Genetic structure of Platanus mexicana var. mexicana (Platanaceae) in southern Mexico.
Dulce María Galván-Hernández, Pablo Octavio-Aguilar, Oscar Carmona-Hernández, Hugo Asselin, José Armando Lozada-García.
Platanus mexicana is a typical species of the tropical cloud forest with a complex biogeographical history. High adaptive radiation and interspecific hybridization have been reported for this species, leading to high genetic variability and low differentiation. However, previous studies have shown that populations in the southern part of the species’ distribution in Mexico show different patterns. Therefore, this research aimed at characterizing the genetic structure of three Platanus mexicana populations in southern Mexico.
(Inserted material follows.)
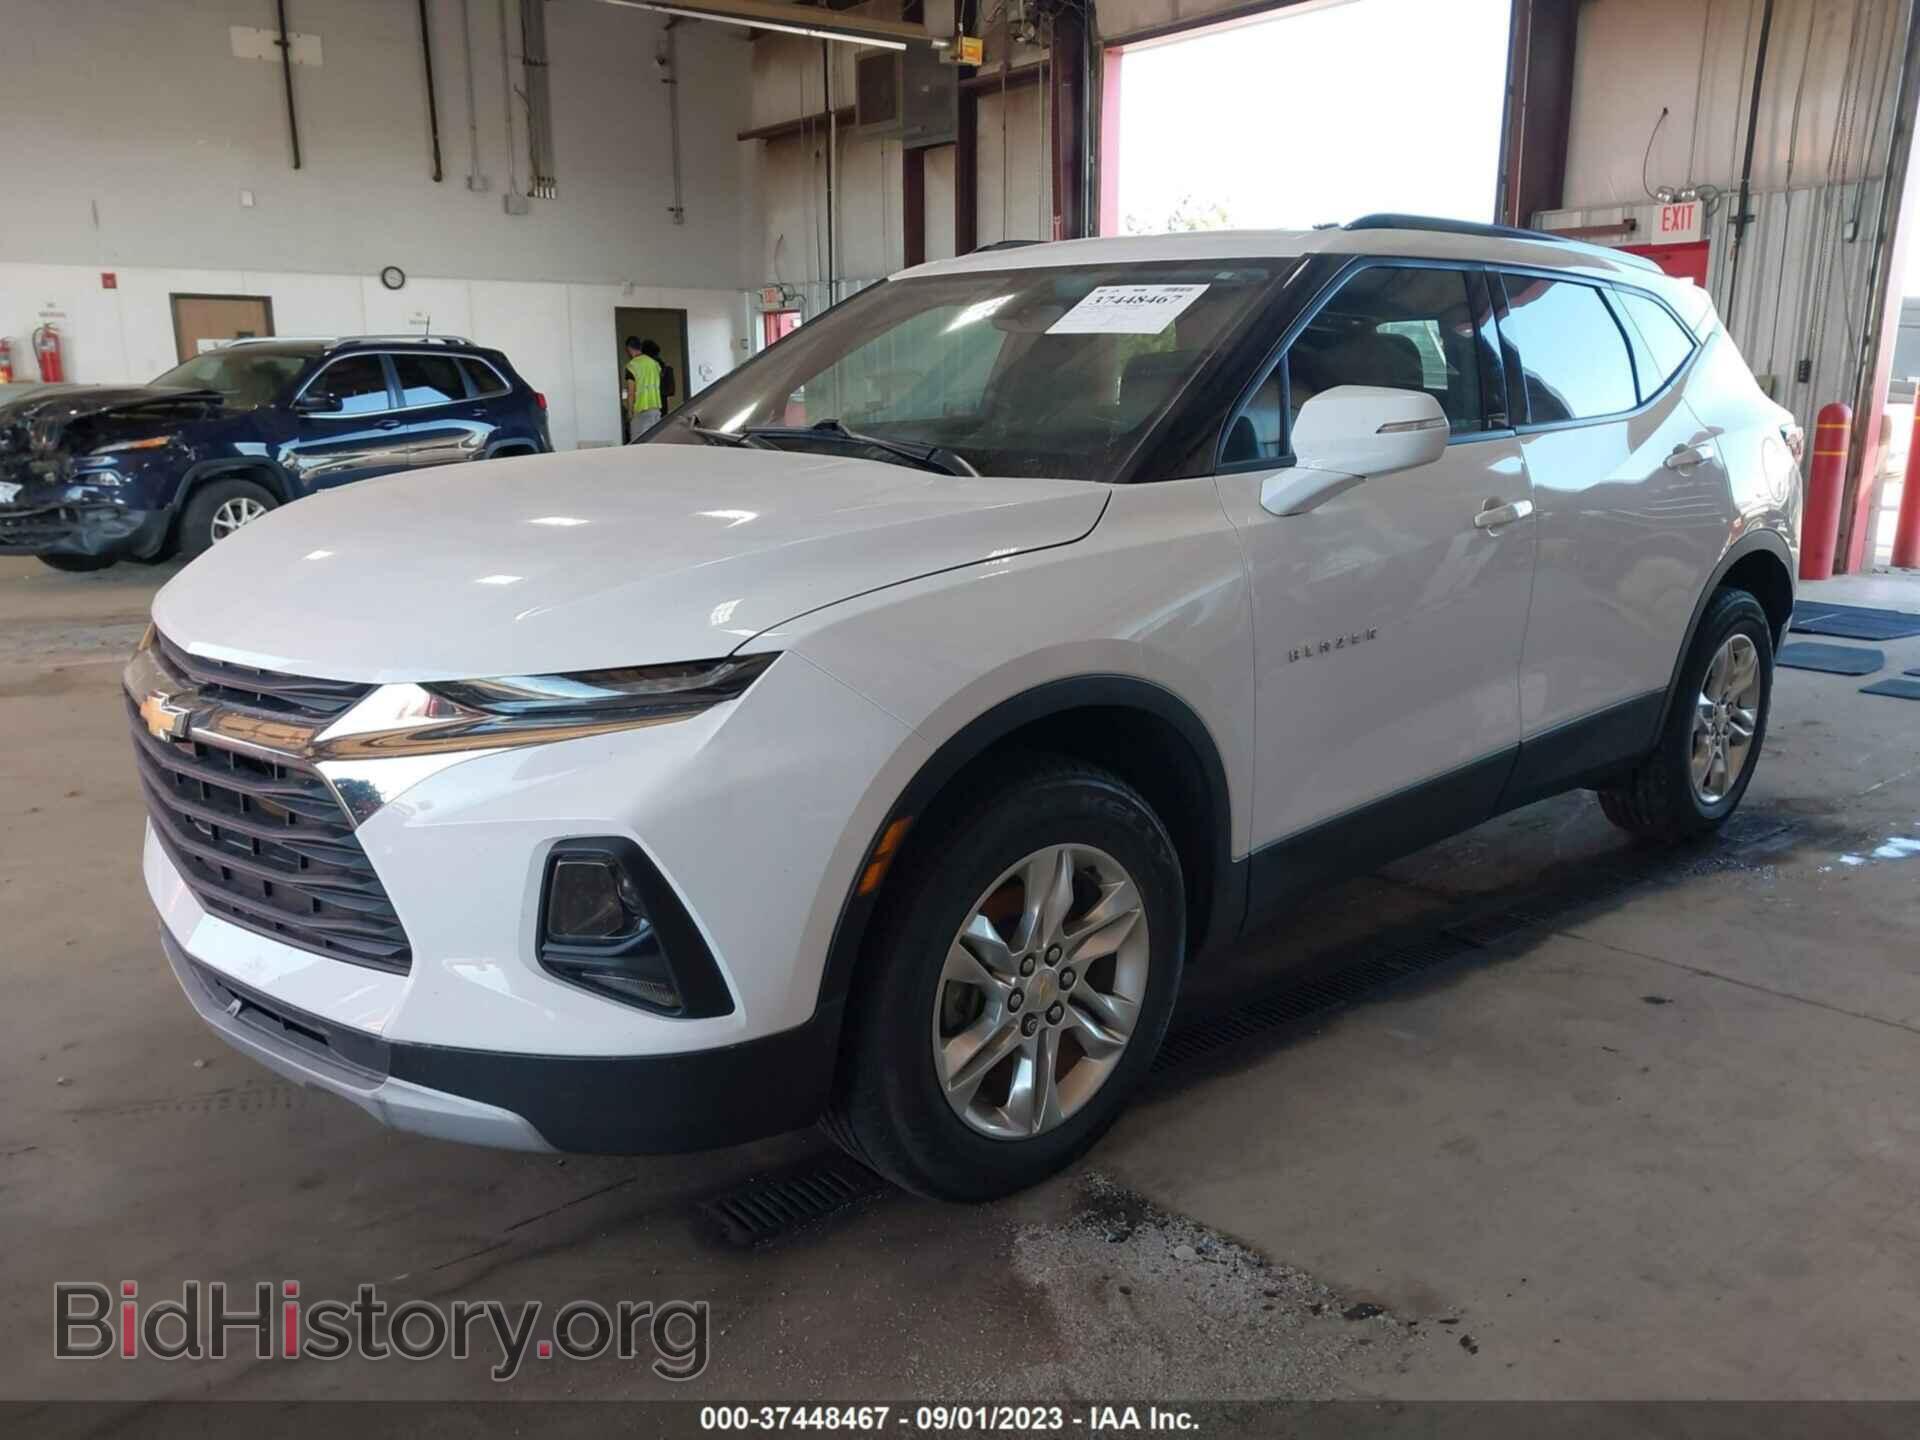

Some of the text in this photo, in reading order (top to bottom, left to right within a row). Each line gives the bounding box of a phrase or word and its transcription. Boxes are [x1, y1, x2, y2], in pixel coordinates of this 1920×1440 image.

The results revealed significant differences between the populations in Oaxaca, Veracruz and Chiapas (FST = 0.235 ± 0.08), whereas there was evidence of gene flow between the two northwestern populations (Nm = 1.5). Bayesian analysis of allele frequencies showed high selection pressure in Veracruz. Furthermore, the alleles that shifted away from the neutral model were overrepresented in Chiapas. The Oaxaca population had the highest genetic variability values (He = 0.25; P = 68.7), whereas the Chiapas population displayed the highest differentiation (Nei = 0.134). Considering the biogeographical history and topographic heterogeneity of the region, the results suggest three differentiation processes: presence of a climate refugium in Oaxaca, allopatry between Veracruz and Oaxaca, and vicariance in Chiapas.